WHAT IS REQUIRED
Below is a set of entries. Reproduce exactly the lines from the one containing "this 2355×1568 image." through the end, both included.

(Text-to-region grounding data)
▽

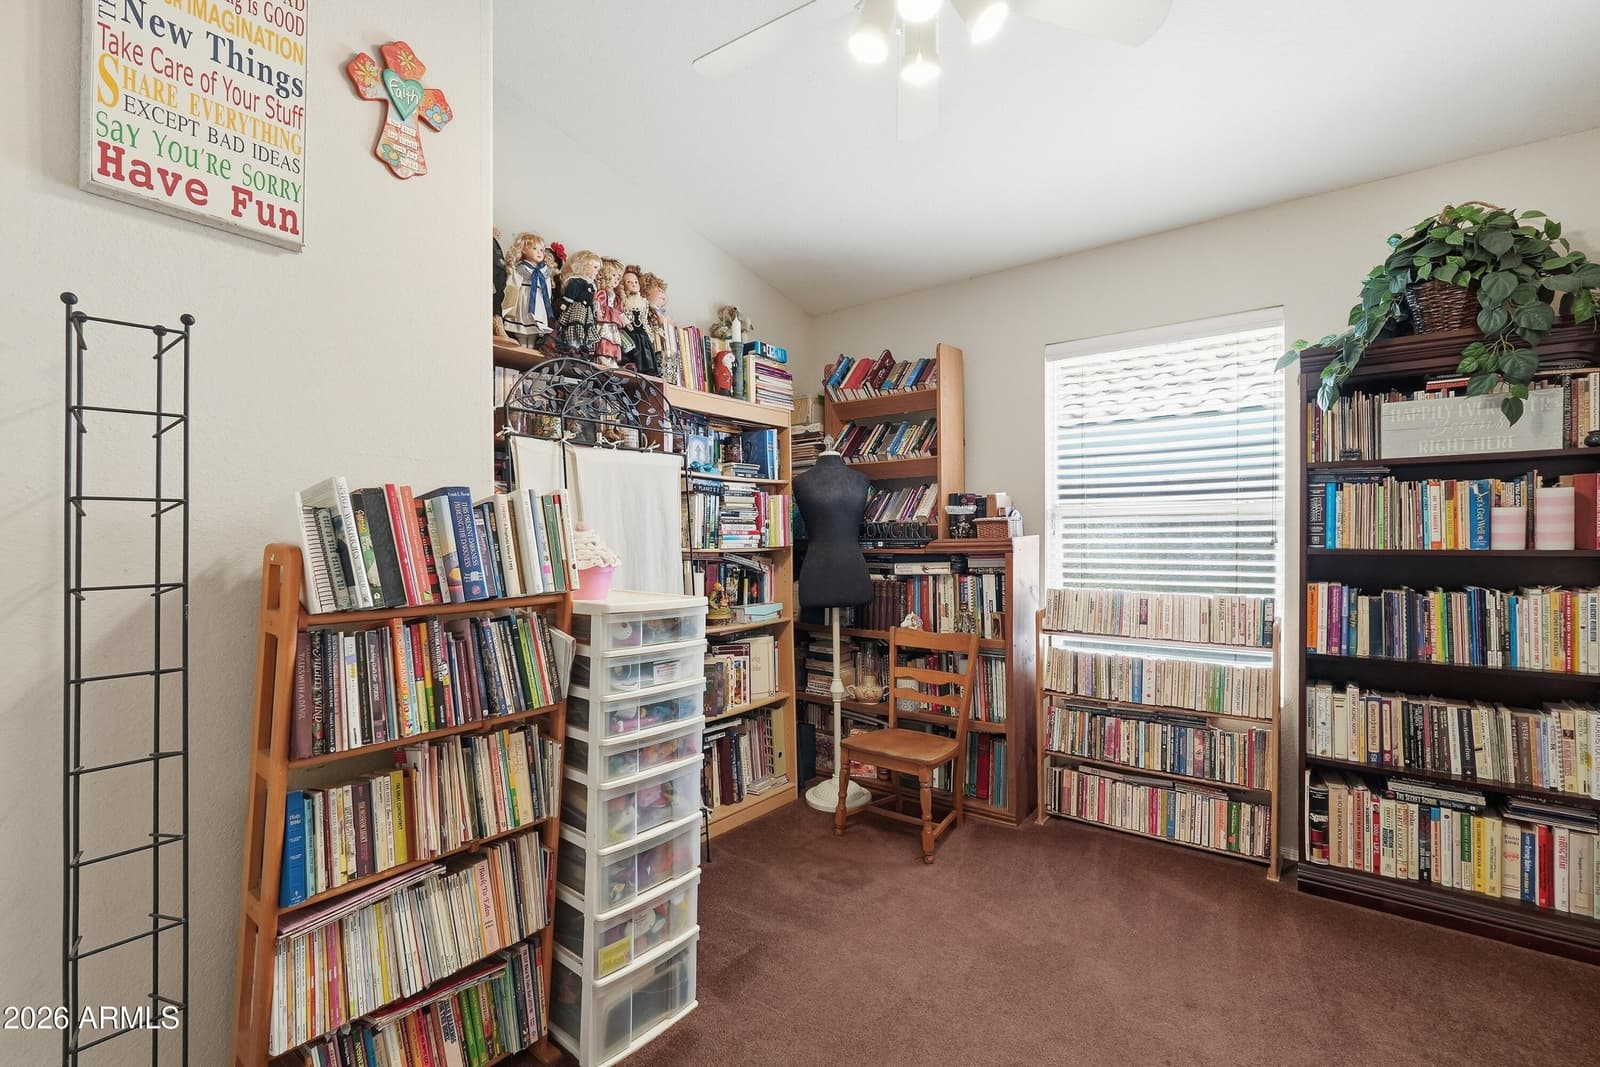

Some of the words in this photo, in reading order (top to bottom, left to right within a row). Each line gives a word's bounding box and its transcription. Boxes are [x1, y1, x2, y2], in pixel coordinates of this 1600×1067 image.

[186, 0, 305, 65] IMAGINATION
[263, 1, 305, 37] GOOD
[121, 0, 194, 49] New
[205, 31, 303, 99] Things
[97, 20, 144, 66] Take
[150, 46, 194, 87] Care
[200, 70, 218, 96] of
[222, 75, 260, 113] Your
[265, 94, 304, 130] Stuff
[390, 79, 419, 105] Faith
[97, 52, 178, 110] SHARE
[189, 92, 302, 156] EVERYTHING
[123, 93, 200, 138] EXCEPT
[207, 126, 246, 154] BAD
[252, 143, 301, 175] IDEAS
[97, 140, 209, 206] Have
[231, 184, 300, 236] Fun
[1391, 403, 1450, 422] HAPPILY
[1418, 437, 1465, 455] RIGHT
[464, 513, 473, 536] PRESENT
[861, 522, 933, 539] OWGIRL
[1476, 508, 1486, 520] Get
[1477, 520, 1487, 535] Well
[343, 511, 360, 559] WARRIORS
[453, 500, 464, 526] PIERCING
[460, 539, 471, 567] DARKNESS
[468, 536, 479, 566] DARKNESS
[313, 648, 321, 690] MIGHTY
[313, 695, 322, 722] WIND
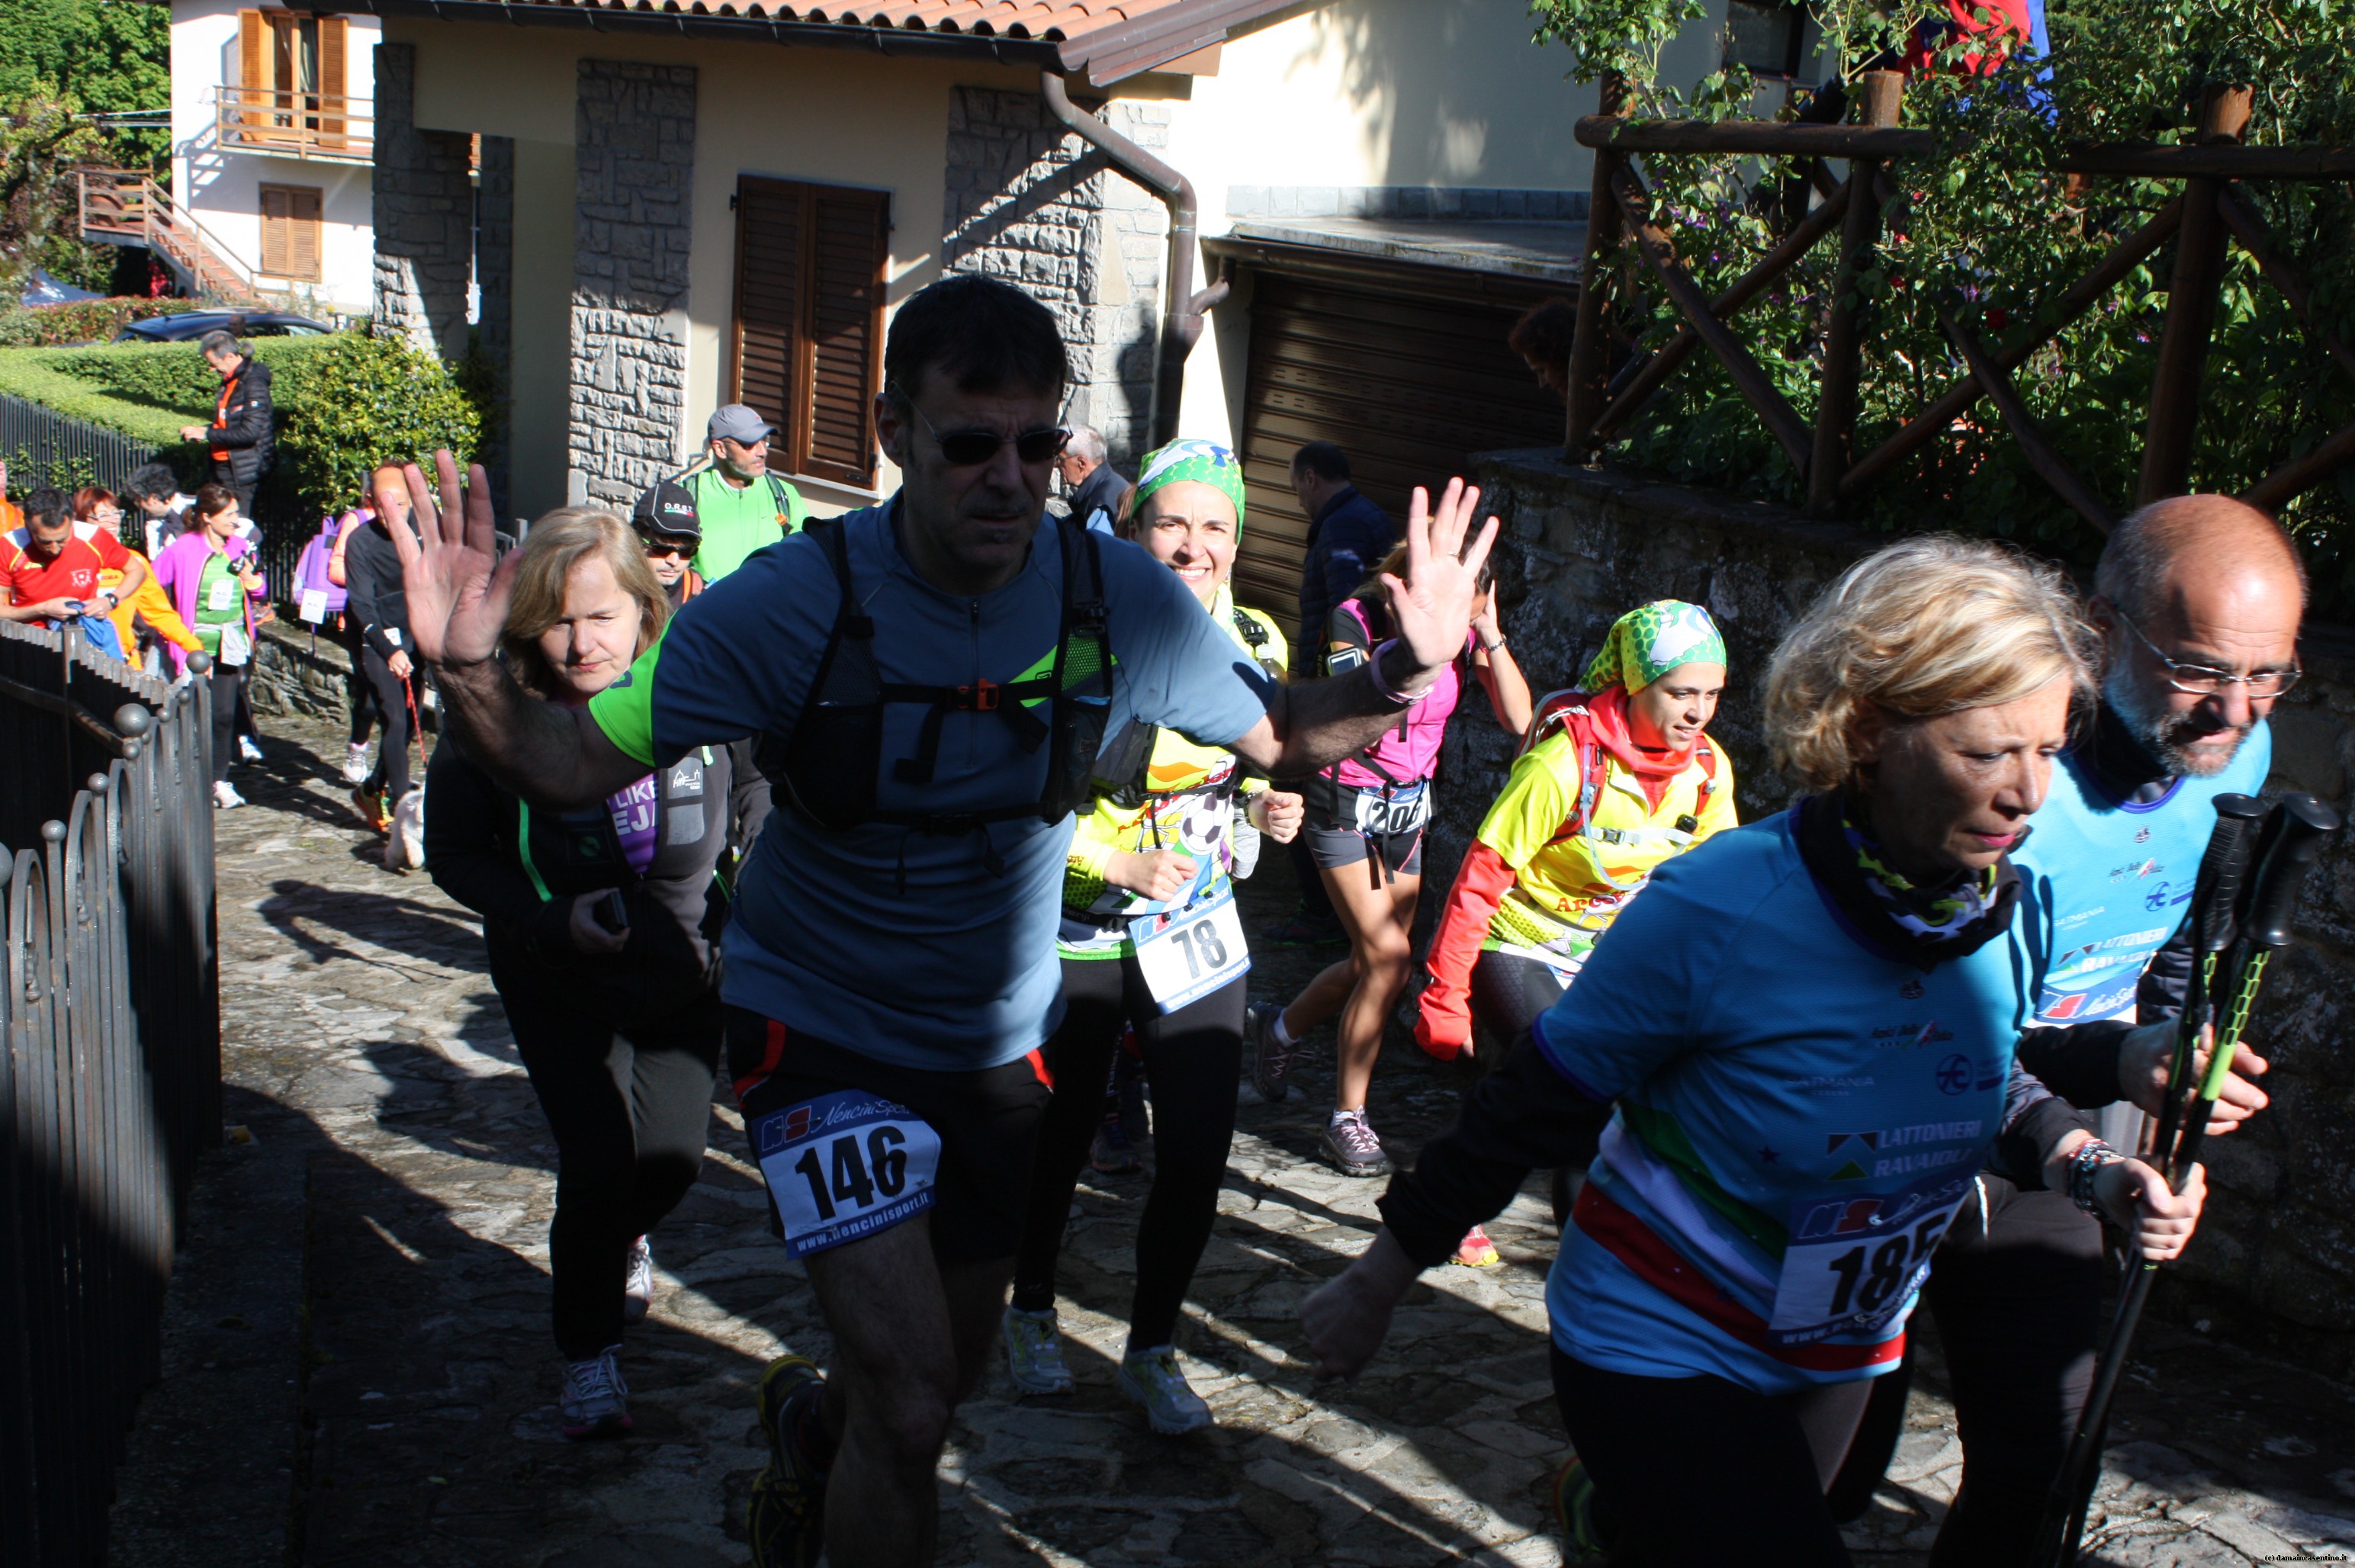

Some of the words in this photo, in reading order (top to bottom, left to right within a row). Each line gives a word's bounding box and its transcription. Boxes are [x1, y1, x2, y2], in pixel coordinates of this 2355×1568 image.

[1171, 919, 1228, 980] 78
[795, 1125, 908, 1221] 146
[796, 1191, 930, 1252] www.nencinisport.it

△

REPLY TO THE EXERCISE
Some of the words in this photo, in reading order (top to bottom, left to right within a row). Each line gives a word's bounding box and its transcription. Boxes are [x1, y1, x2, y2], in pixel coordinates of this 2355×1568 image.

[1171, 919, 1228, 980] 78
[795, 1125, 908, 1221] 146
[796, 1191, 930, 1252] www.nencinisport.it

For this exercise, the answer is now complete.